Slider

Kolom Muhammad Ridwan

PNPM Mandiri

Media Sosial

Review Film

Berita

Kuliner

» » » » Ada Udang di Balik (Bukit) Hambalang [Bagian Kedua]

Desa Tangkil (Kiri Atas) dan Komplek PPMP-TNI dilihat dengan Google Earth
Kasus Pembangunan Sport Center di Bukit Hambalang, merupakan puncak gunung es dari beberapa kasus yang pernah terjadi di Hambalang Area sejak Orde Baru, khususnya kasus agraria. Hambalang Area adalah sebuah wilayah di Bogor yang meliputi Desa Tajur, Sukahati, Tarikolot, Hambalang, Tangkil, Sentul, Kadumangu, Cipambuan, Citaringgul, Karang Tengah hingga Tapos di Cibedug. Sebenarnya ada beberapa kasus agraria yang kurang mendapatkan publikasi selama ini. Melalui tulisan ini, saya akan uraikan beberapa kasus agraria yang pernah terjadi di Hambalang Area.

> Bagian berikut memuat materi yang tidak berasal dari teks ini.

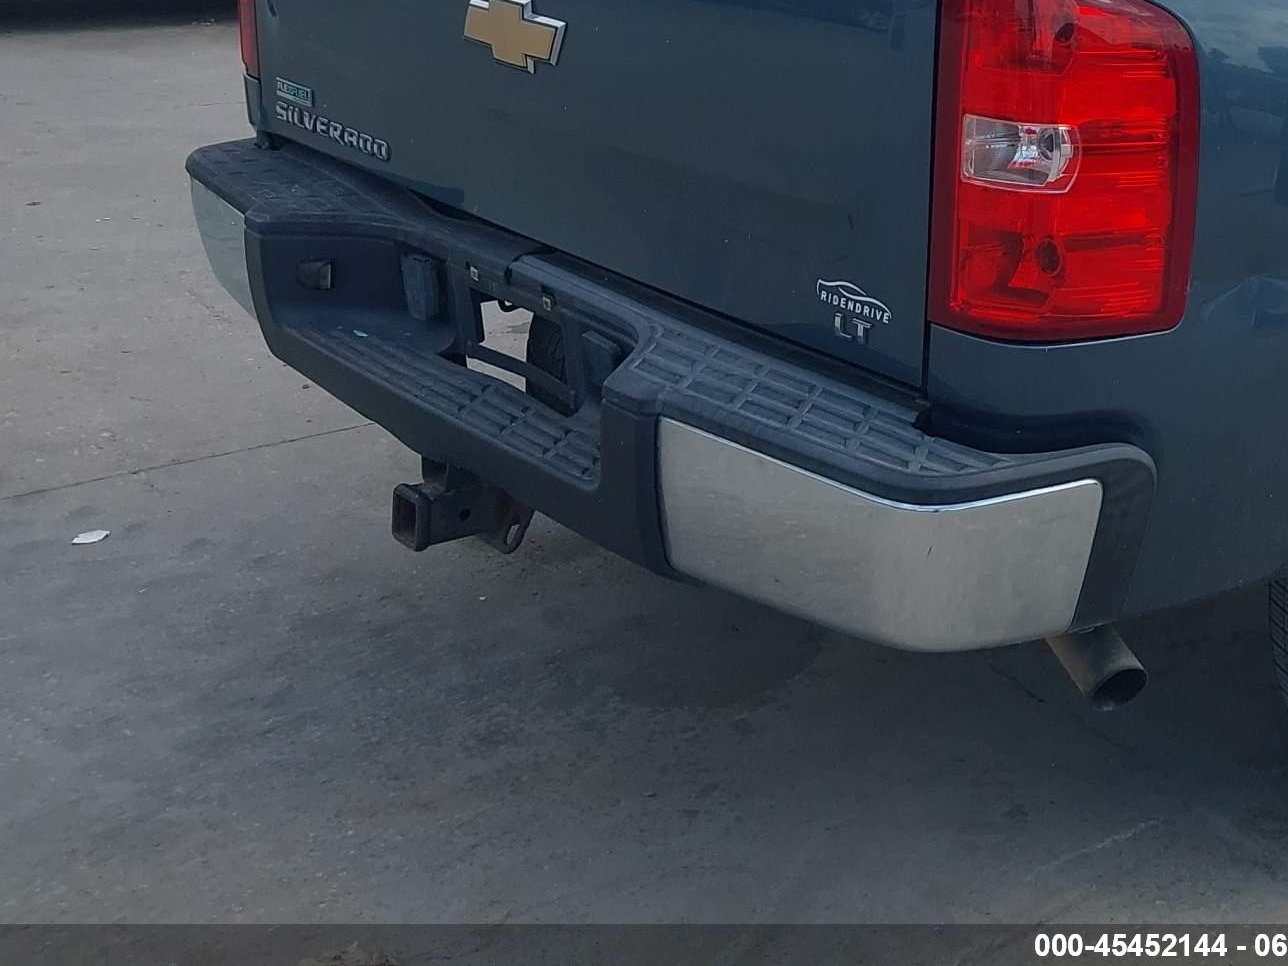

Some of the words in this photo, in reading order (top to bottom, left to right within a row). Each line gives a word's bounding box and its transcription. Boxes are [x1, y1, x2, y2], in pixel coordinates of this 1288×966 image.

Keluarga Cendana di Hambalang.

Selama hampir 30 tahun, tanah di kawasan Hambalang area dikuasai oleh keluarga besar Cendana, melalui hak guna usaha (HGU) perkebunan kurang lebih 7050 hektar. Sebagian besar dikuasai oleh adik tiri Presiden Soeharto, Probosutejo, dan sisanya dikuasai oleh putra-putri Presiden Soeharto, diantaranya Tommy Soeharto. Pada tahun 2002, HGU tersebut habis masa berlakunya, kemudian Probosutedjo mengajukan perpanjangan kepada Badan Pertanahan Nasional (BPN) Kabupaten Bogor. Permohonannya dikabulkan, Namun luas tanahnya dikurangi.

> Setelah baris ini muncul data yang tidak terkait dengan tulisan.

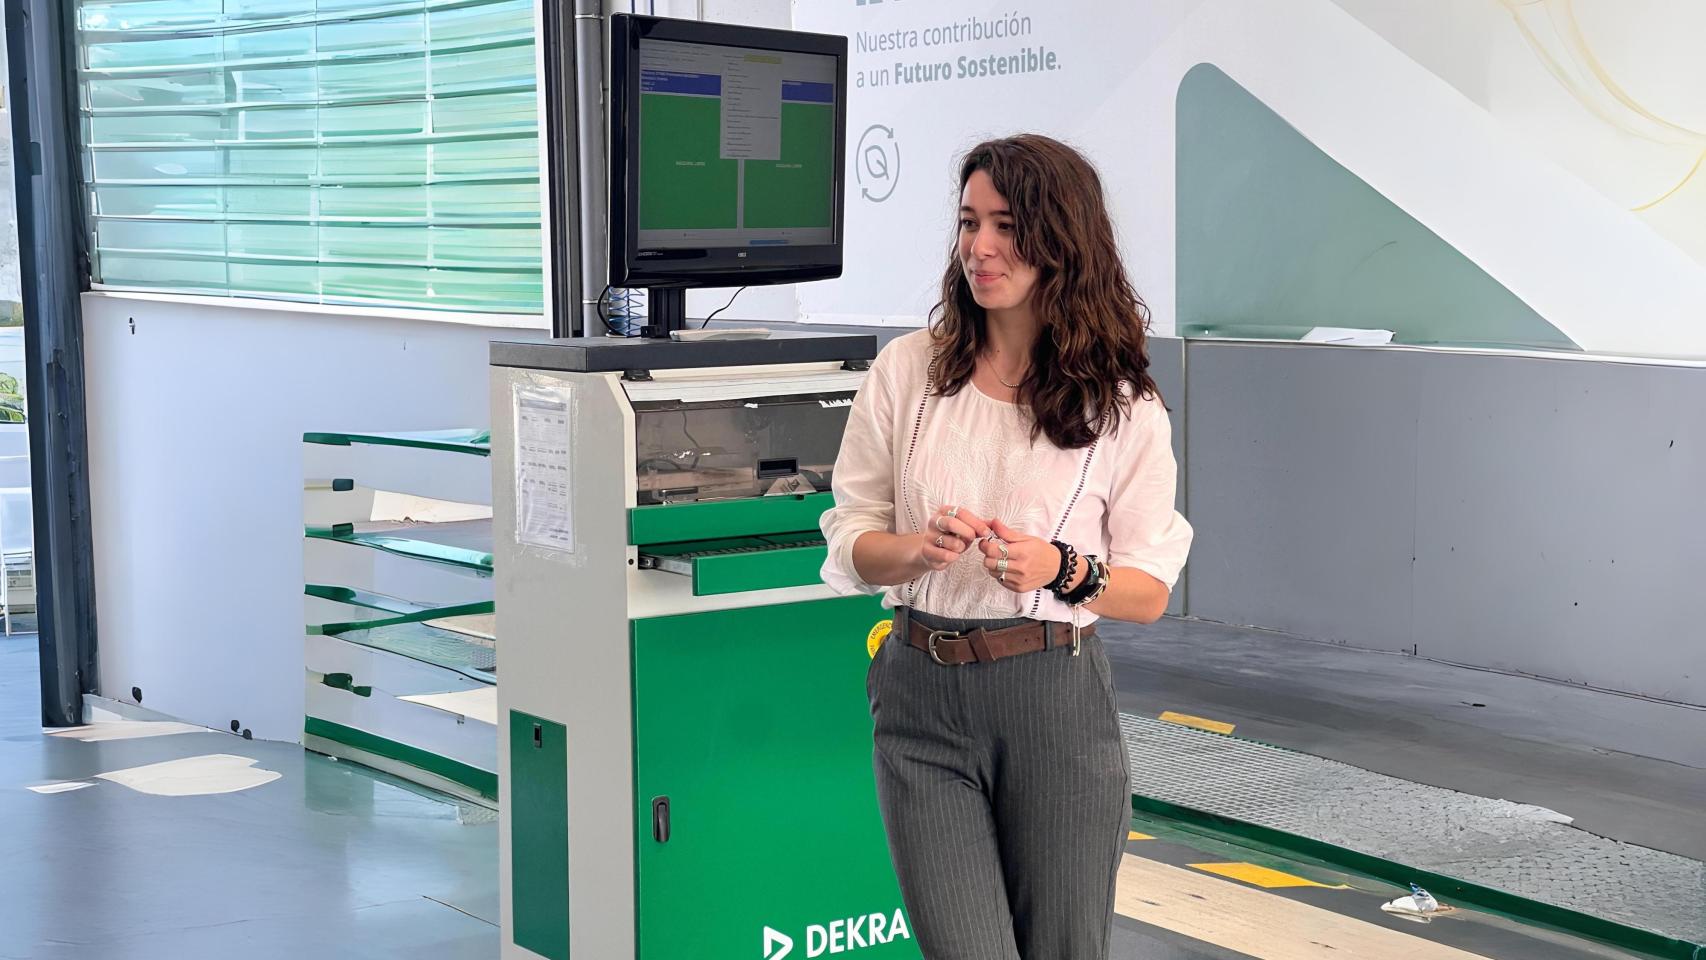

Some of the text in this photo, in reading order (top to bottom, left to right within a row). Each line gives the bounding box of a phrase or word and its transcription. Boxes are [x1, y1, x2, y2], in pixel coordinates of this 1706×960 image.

Penguasaan tanah Hambalang Area oleh keluarga besar Cendana, ternyata menyisakan cerita pahit bagi yang pernah tinggal di area tersebut.  Dalam tulisan pertama, dibahas skandal pengosongan Desa Tangkil, Kecamatan Citeureup, karena wilayah tersebut diklaim termasuk wilayah tanah HGU. Sekarang, 90% bekas wilayah Desa Tangkil sudah berubah menjadi  lapangan golf, perumahan mewah dan Komplek Pelatihan Pasukan Perdamaian PBB-TNI sekaligus Pusat Pelatihan Antiteroris.  [Silahkan baca: http://tulisanaridwan.blogspot.com/2013/01/ada-udang-dibalik-bukit-hambalang.html#.UZxsVVKIW9s ]. 

Selain skandal tersebut, ada beberapa kasus agraria lainya, antara lain :

Pertama, penguasaan lahan di Sentul oleh Tommy Soeharto untuk Pembangunan Sirkut Internasional.  Tommy Soeharto, pernah memanfaatkan nama Yayasan Supersemar, untuk mendapatkan lahan 144 hektare guna pembangunan Sirkuit Sentul. Sebelumnya, penguasaan tanah tersebut gagal, karena Pemerintah Provinsi  Jawa Barat menolaknya. Tapi entah kenapa, Tommy Soeharto berhasil menguasai tanah tersebut. Akibatnya, lahan pertanian masyarakat banyak yang digusur paksa melalui intimidasi dan ganti rugi yang tidak layak. 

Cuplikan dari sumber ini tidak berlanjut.